Es música para los oídos de cualquier contribuyente y un chute de optimismo para los inversores. Y puedo pecar de ingenuo, pero creo que Peña realmente quiere cumplir con ese pacto. Sin embargo, las dudas aparecen inevitablemente cuando entramos en los detalles, en esos resbalosos espacios en los que hay que convertir las palabras en hechos, donde habitan los demonios de la prebenda y la corrupción política.
Santiago Peña tiene de entrada un desafío financiero mayúsculo. Hay deudas impagas con empresas constructoras, farmacéuticas y proveedores en general, por entre USD 400 y 600 millones. Le urge pagarles a las primeras para que no se paralicen las obras públicas en curso, y a las segundas para que no se corte el suministro de medicamentos. Ya están hablando de tomar una nueva deuda por no menos de USD 500 millones.
A eso debe sumarle el agujero que se registra en Educación, de USD 450 millones, para cubrir gastos básicos del año próximo. (Recordemos que en un mes más Peña debe presentar al Congreso su proyecto de presupuesto 2024).
Y como guinda para tan onerosa torta, desfilan los pedidos de aumento presupuestario para el Ministerio Público, el Congreso y otros adicionales, como los más de G. 100.000 millones que pretenden repartir entre soldados del golpe del 89, y la promesa cartista –defendida por el ahora ministro Enrique Riera– de indemnizar a ex funcionarios de las empresas contratistas de Itaipú por más de USD 900 millones.
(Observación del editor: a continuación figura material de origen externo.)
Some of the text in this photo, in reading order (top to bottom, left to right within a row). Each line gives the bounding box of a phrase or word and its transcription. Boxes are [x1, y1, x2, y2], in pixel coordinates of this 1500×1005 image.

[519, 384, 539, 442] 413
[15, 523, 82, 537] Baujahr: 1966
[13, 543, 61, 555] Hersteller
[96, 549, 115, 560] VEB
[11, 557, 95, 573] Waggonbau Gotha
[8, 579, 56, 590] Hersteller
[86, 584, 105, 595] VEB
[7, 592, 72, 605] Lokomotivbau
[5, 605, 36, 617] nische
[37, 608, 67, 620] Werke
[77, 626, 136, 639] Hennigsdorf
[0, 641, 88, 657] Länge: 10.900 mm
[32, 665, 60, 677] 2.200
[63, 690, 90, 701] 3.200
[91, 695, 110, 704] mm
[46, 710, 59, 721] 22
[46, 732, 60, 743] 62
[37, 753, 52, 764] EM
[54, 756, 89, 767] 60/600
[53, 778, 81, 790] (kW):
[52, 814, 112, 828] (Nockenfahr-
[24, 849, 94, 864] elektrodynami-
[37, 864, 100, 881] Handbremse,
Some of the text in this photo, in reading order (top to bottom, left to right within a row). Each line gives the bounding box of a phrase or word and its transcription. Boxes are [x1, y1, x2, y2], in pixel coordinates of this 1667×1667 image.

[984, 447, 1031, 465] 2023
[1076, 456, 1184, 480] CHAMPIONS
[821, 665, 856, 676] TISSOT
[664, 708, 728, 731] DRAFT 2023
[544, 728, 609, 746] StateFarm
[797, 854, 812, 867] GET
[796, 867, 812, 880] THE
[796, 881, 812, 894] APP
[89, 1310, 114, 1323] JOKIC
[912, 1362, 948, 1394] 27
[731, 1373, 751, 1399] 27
Nuestro joven presidente tiene además el desafío de corregir el despelote salarial que hay en el Estado, donde la directora general de un hospital público gana G. 12 millones, un extensionista agropecuario menos de cuatro millones y una asistente de prensa para el Despacho de la Primera Dama entre G. 24 y 37 millones, colgada del presupuesto de alguna binacional.
Una absurda nómina pública que mantiene a políticos inútiles y carentes de la más básica formación técnica como consejeros de una hidroeléctrica, con salarios escandalosos de entre G. 85 y 100 millones mensuales, mientras que profesionales con títulos de posgrado de las mejores universidades del mundo solo pueden aspirar a ocupar un cargo de asistente de cátedra de alguna universidad pública con dos o tres salarios mínimos.
Estos son los absurdos y vergonzosos detalles con los que Peña debe lidiar para conseguir hacer más eficiente el gasto público. Para colmo, apenas tuvo acceso a la lapicera presidencial, empezaron las presiones de la jauría cartista que denuncia los salarios ridículamente altos con los que están enganchados sus pares abdistas; pero, no para que se eliminen esos curros inventados como parte de la prebenda republicana, sino para acelerar el relevo. No les indigna el malgasto, solo estar fuera del reparto.
Por supuesto que para cambiar semejante culebrón financiero no basta con las buenas intenciones de nuestro joven presidente. Para modificar una sola coma de las leyes perpetradas para proteger esa parasitosis partidaria, Peña tendrá que lograr acuerdos, suscribir pactos y, a menudo, hacer demostraciones claras de que es quien esgrime la pluma del poder.
Nuestro novel presidente asume con promesas que entusiasman, pero como ex ministro de Hacienda sabe que el entusiasmo se esfuma rápidamente si no hay acciones que prueben que el discurso no es solo eso. Llega al poder con un gabinete compartido, con pocas figuras de su elección personal y demasiadas vinculadas a su padrino político y al batallón de alpinistas que le rinden pleitesía a este.
Peña no tiene mucho tiempo. Cartes quiere vendetta y sus correligionarios políticos lucrar con el Estado. Las mayorías coyunturales en el Congreso y el pulgar arriba de las élites pueden cambiar de la noche a la mañana. Necesita acelerar al máximo las reformas, dar señales de cambio en el funcionamiento del aparato público y ganarse la confianza de esa mayoría que no le votó. Peña tiene que empezar a escribir su propia historia, una muy diferente a la de su mentor. O así esperamos que sea, por su bien y el nuestro.